[[ Data section open ]]

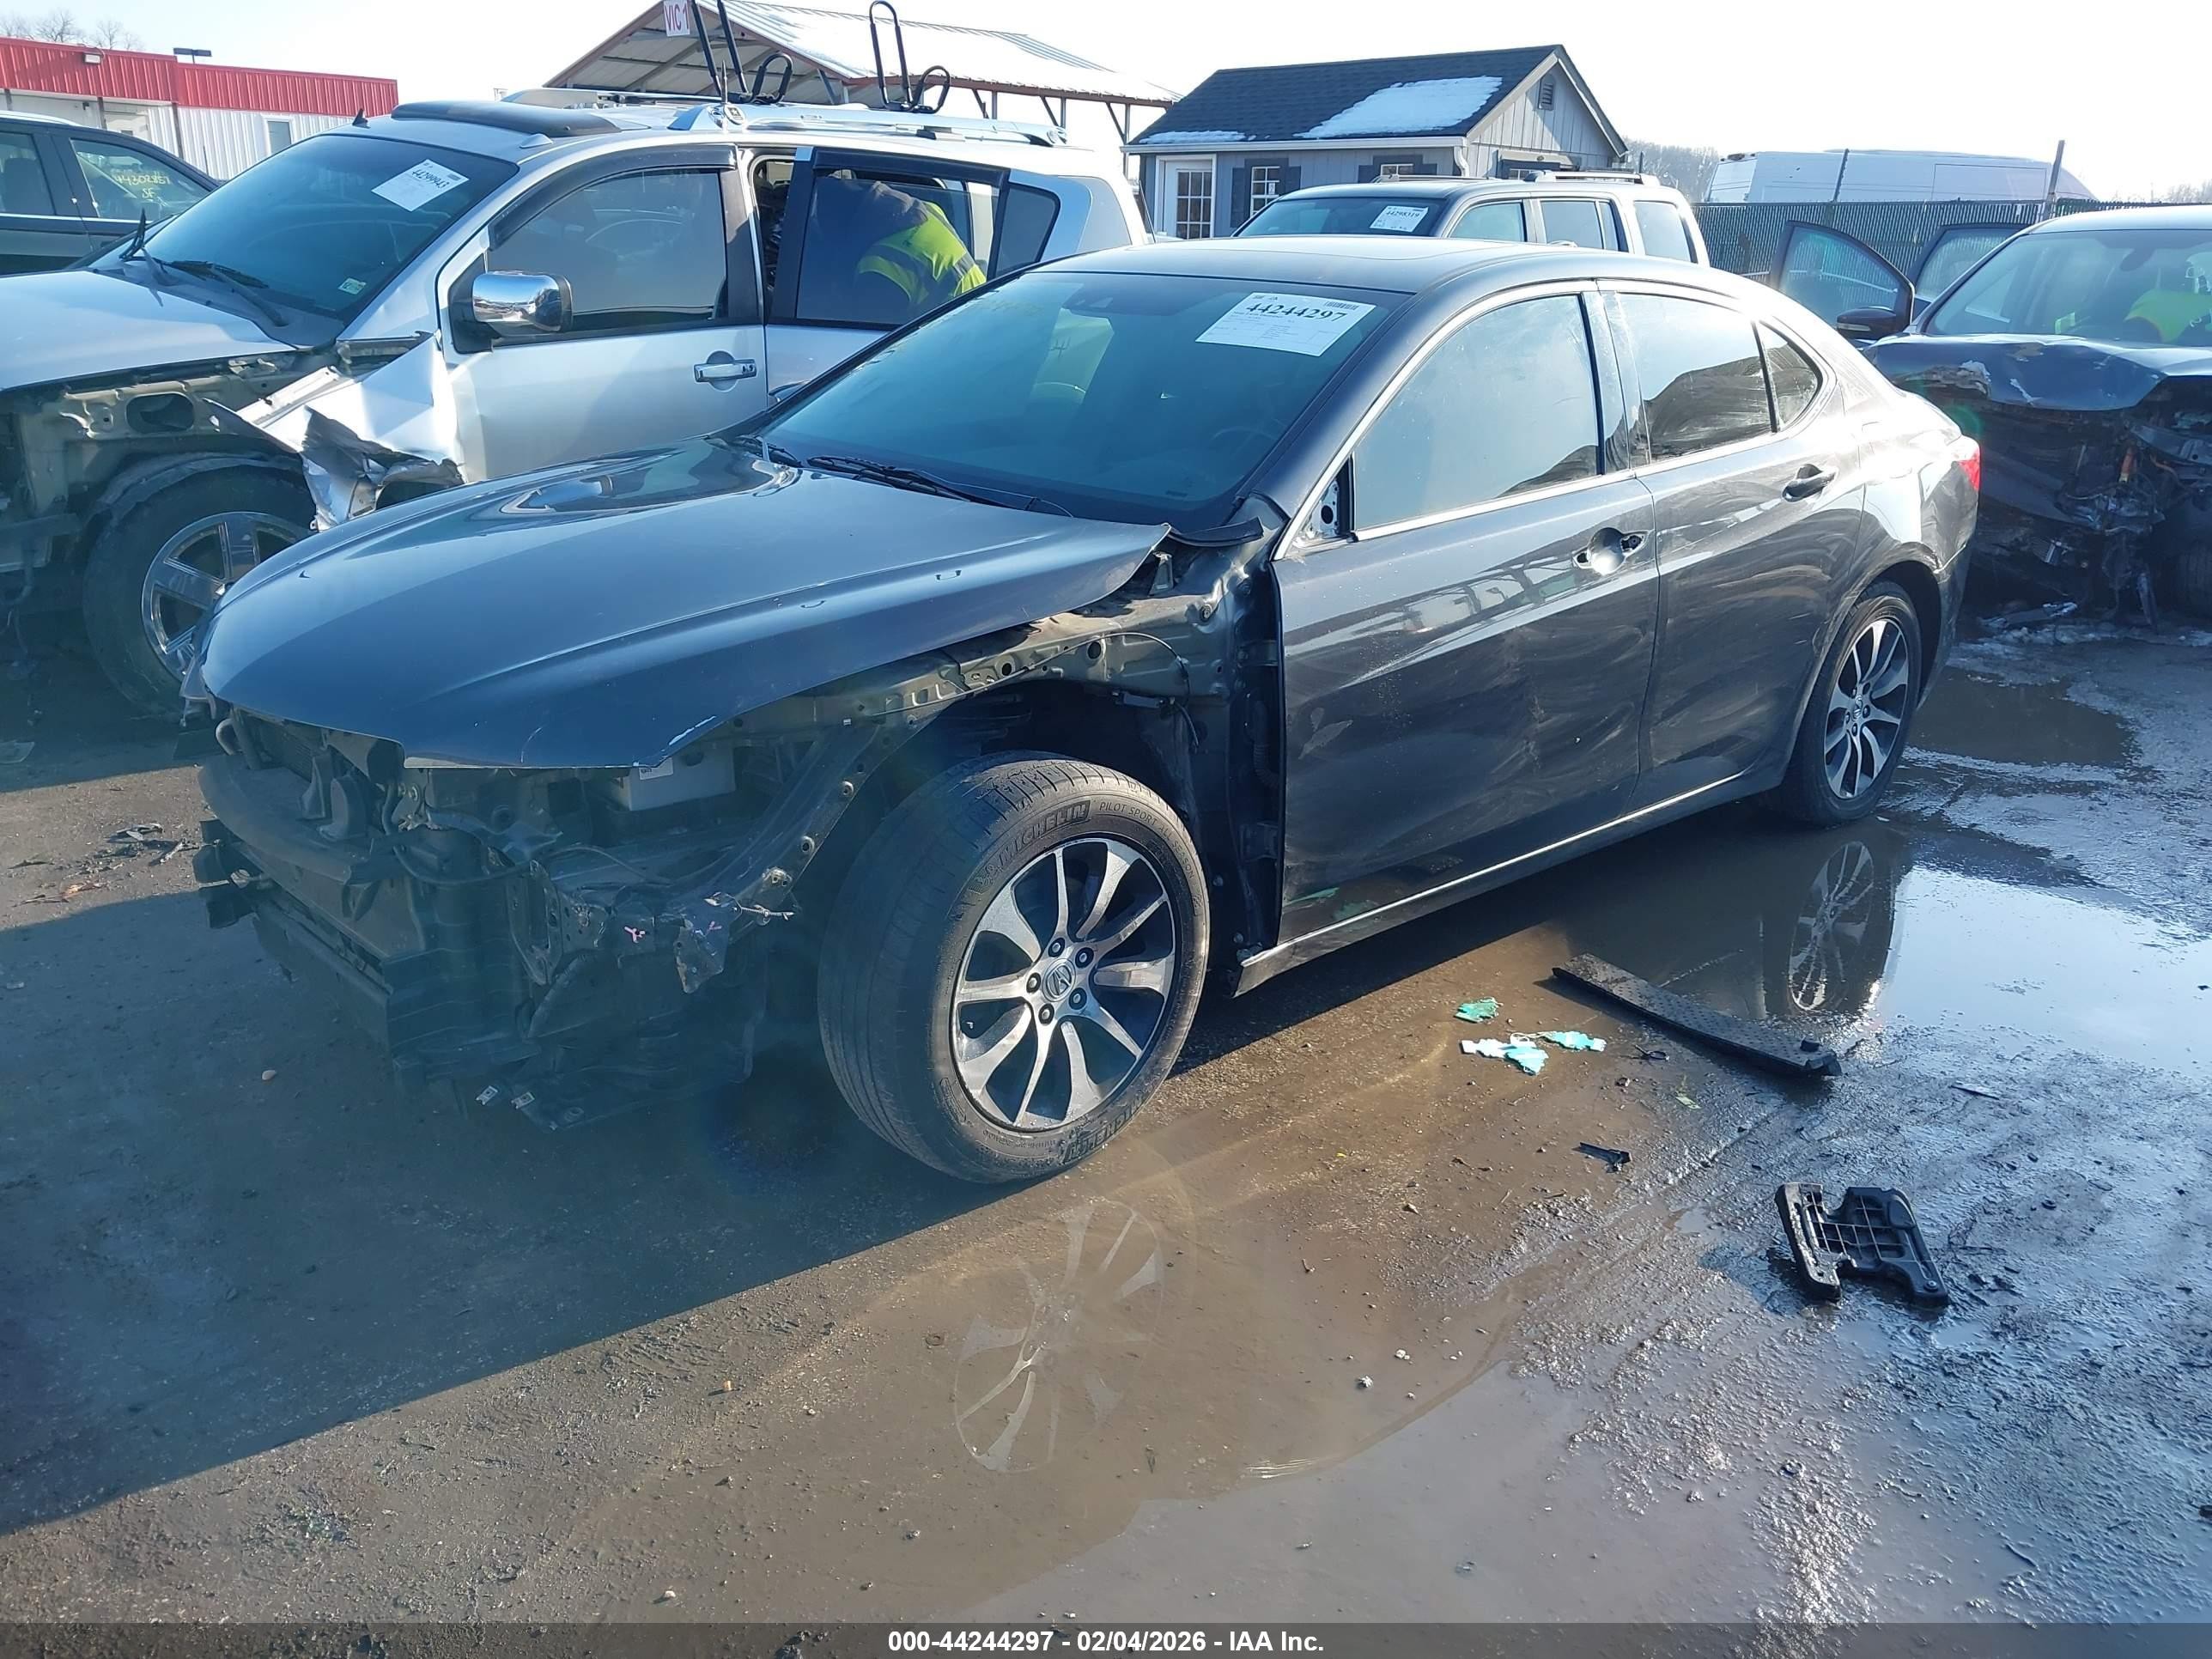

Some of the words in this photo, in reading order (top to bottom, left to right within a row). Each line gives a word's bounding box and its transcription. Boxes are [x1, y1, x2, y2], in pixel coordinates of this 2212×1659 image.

[665, 3, 682, 31] VIC
[682, 3, 690, 30] 1
[1246, 303, 1346, 322] 44244297
[998, 803, 1088, 867] MICHELIN
[1099, 801, 1127, 812] PILOT
[1128, 807, 1158, 825] SPORT
[1159, 825, 1173, 841] ALL
[1172, 841, 1195, 878] SEASON
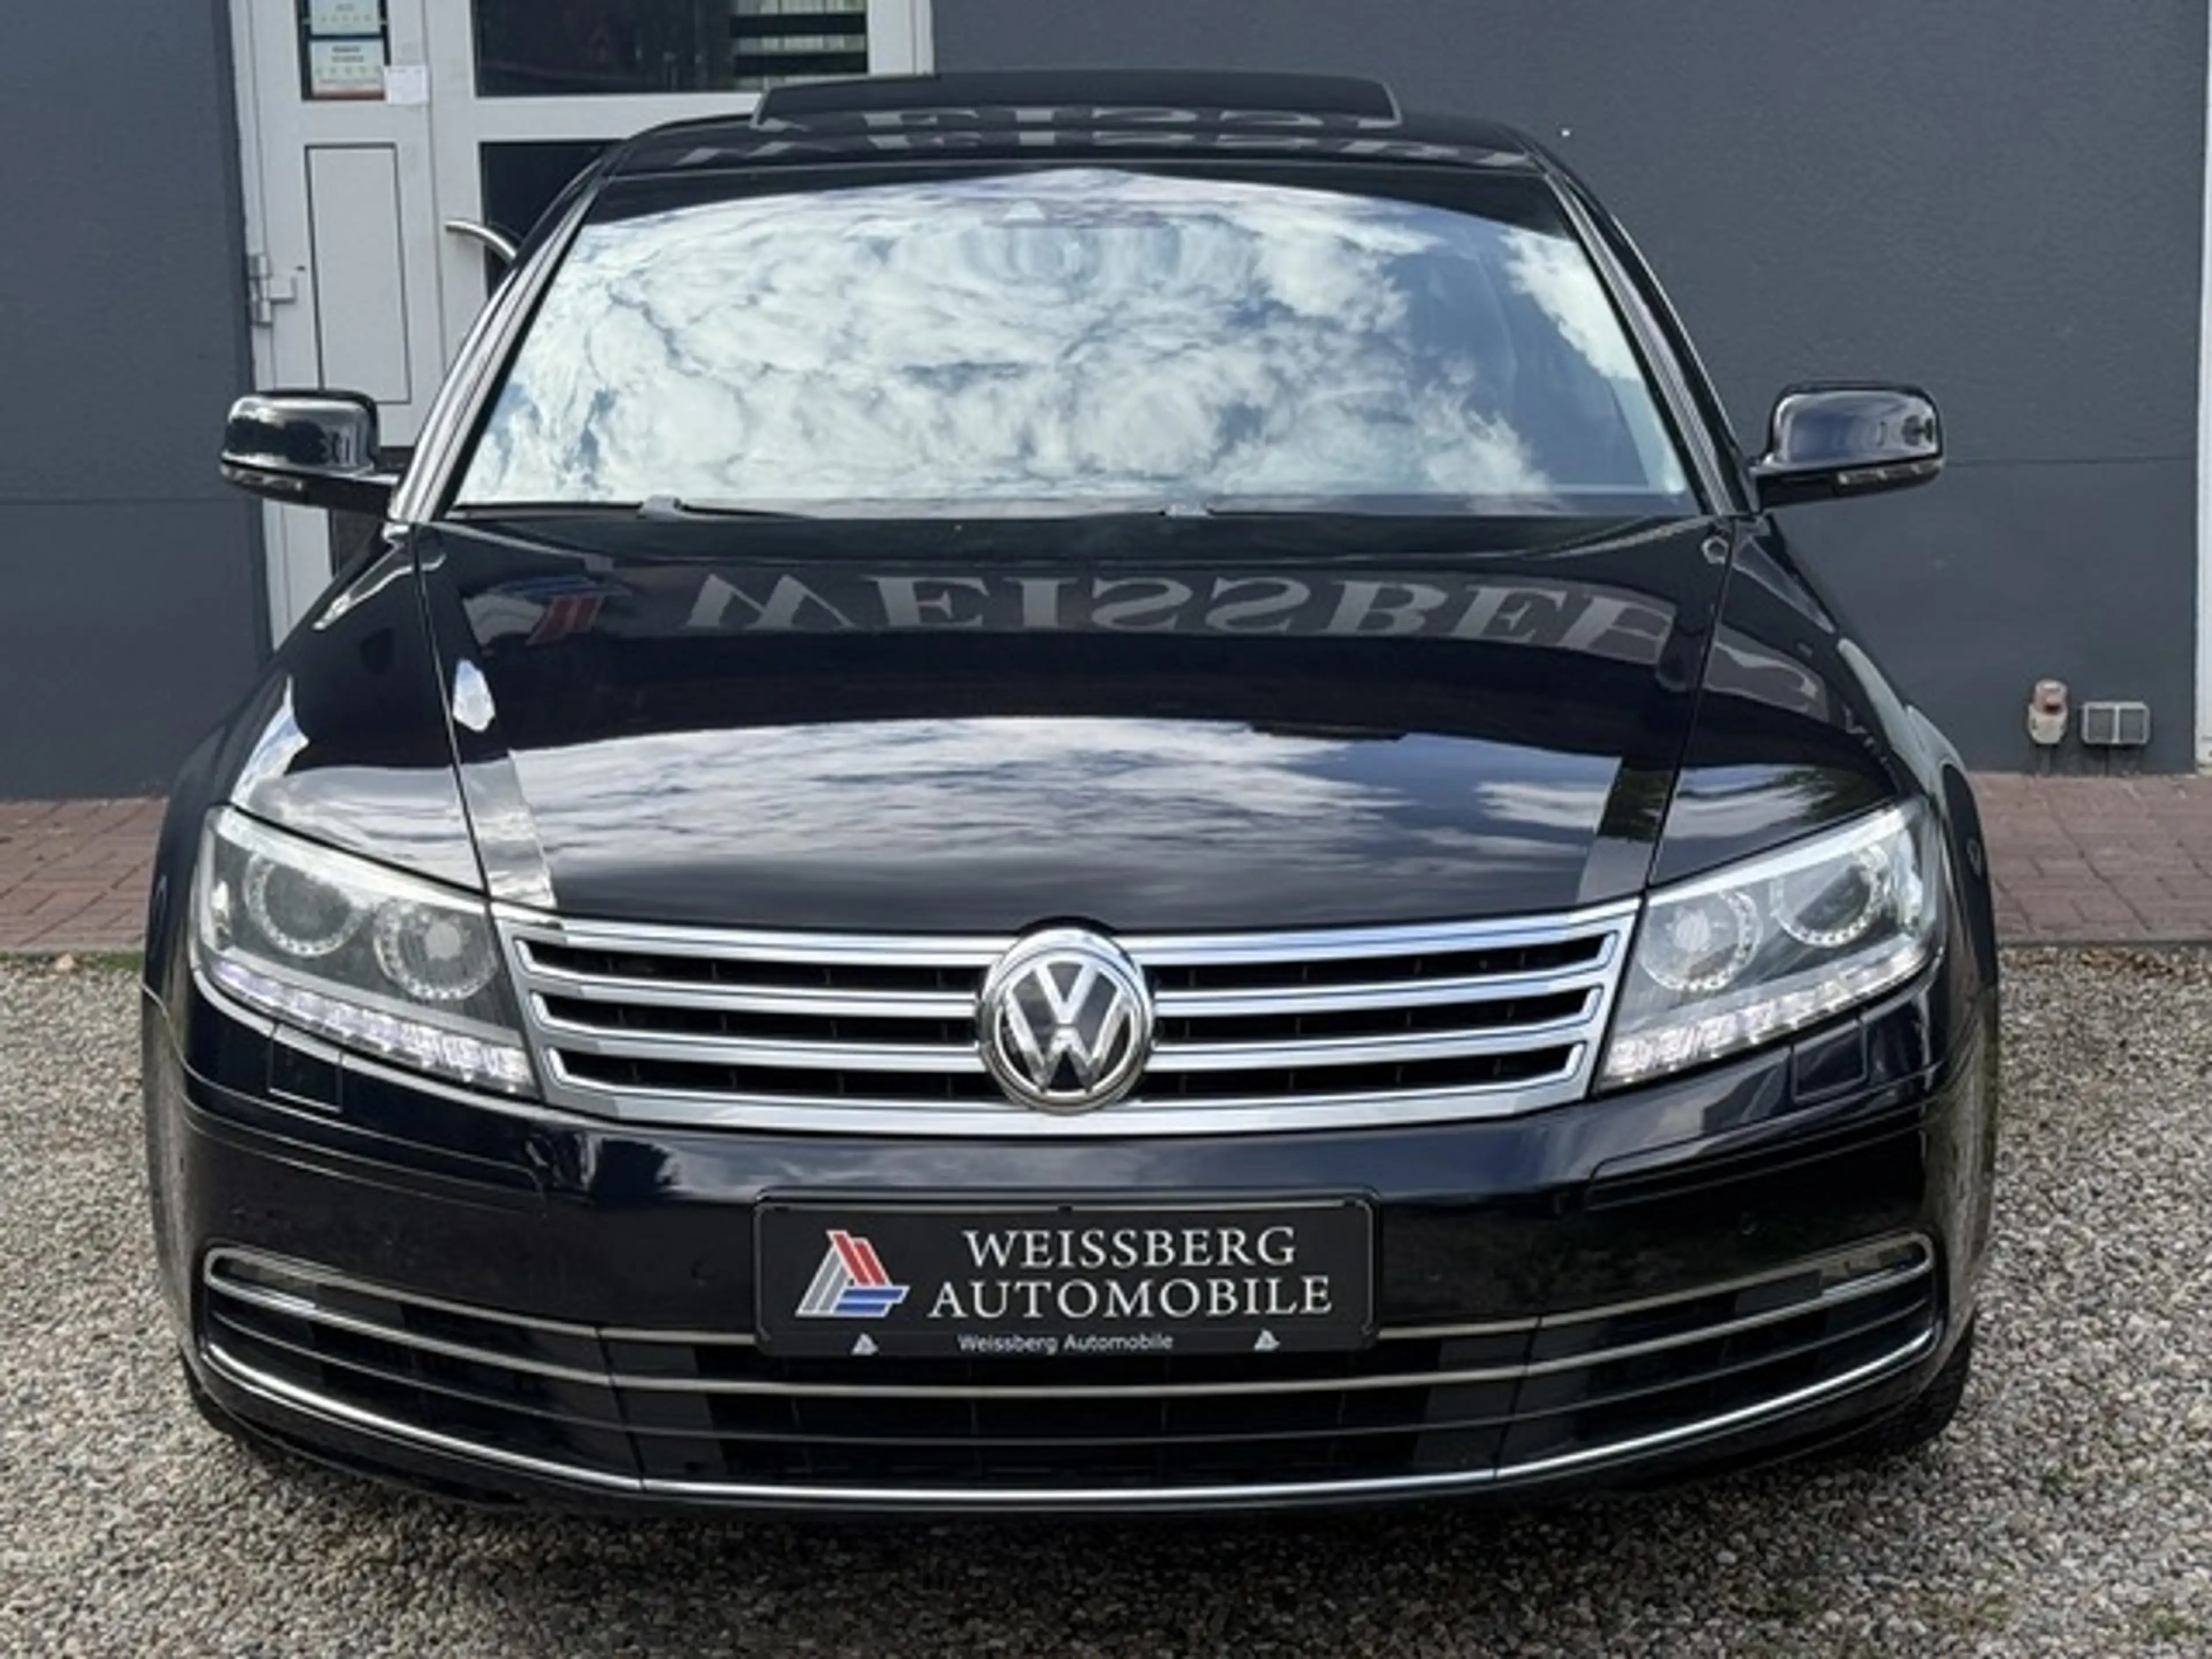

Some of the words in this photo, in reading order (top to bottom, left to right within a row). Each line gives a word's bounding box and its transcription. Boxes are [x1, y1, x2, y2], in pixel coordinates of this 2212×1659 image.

[961, 1226, 1297, 1268] WEISSBERG
[927, 1275, 1333, 1319] AUTOMOBILE
[957, 1332, 1058, 1355] Weissberg
[1063, 1331, 1174, 1350] Automobile
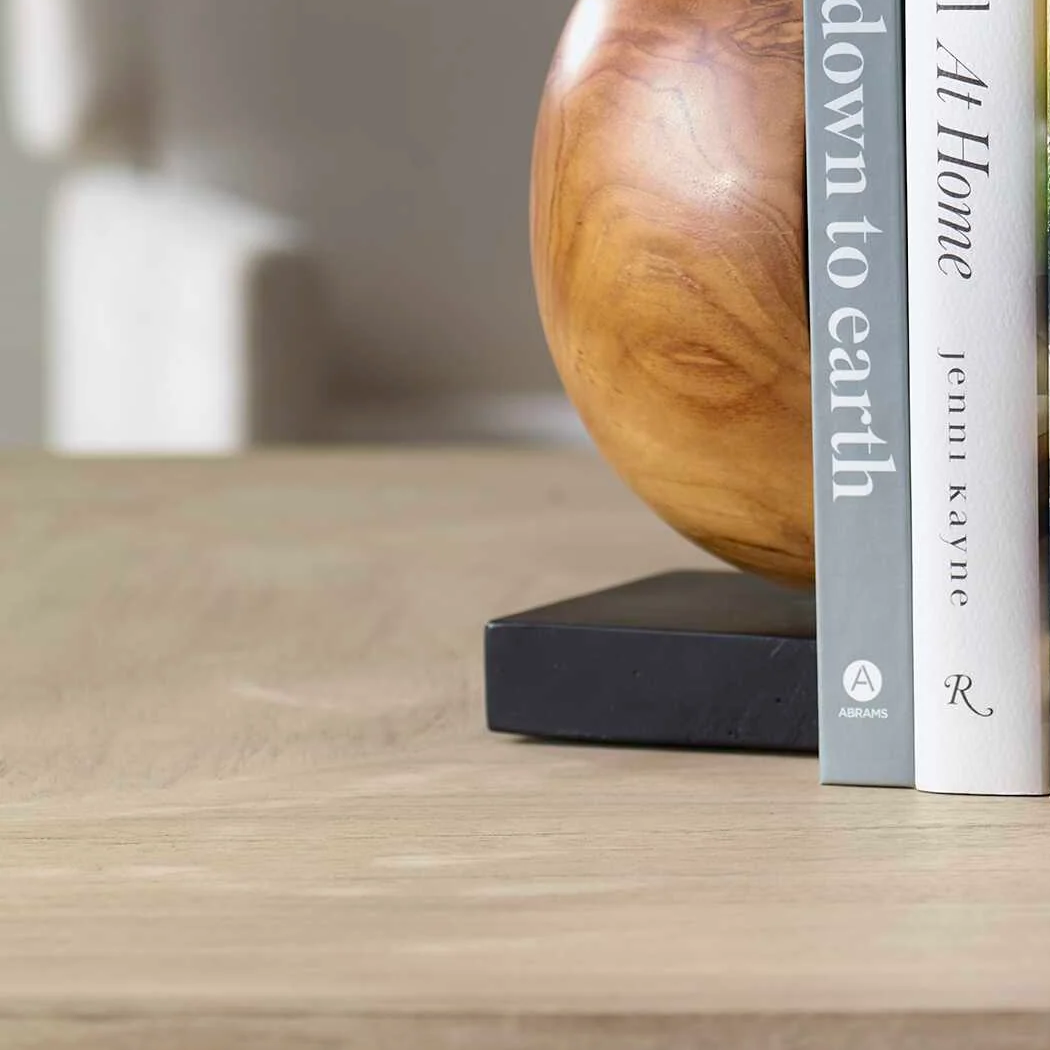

[[ Data section closed ]]

> _What to work on_
Retype all of the listing word for word and skip the pictures.

> _Written answer_
Some of the words in this photo, in reading order (top to bottom, left to right within a row). Each line gives a word's bounding box and its transcription. Boxes are [x1, y1, x2, y2], in pixel coordinates of this 2212×1659 image.

[665, 3, 682, 31] VIC
[682, 3, 690, 30] 1
[1246, 303, 1346, 322] 44244297
[998, 803, 1088, 867] MICHELIN
[1099, 801, 1127, 812] PILOT
[1128, 807, 1158, 825] SPORT
[1159, 825, 1173, 841] ALL
[1172, 841, 1195, 878] SEASON

Some of the words in this photo, in reading order (top to bottom, left to right within a row). Each line gives a word's bounding box and its transcription. Boxes are [x1, y1, x2, y2], in pixel coordinates of this 2212×1659 image.

[961, 1226, 1297, 1268] WEISSBERG
[927, 1275, 1333, 1319] AUTOMOBILE
[957, 1332, 1058, 1355] Weissberg
[1063, 1331, 1174, 1350] Automobile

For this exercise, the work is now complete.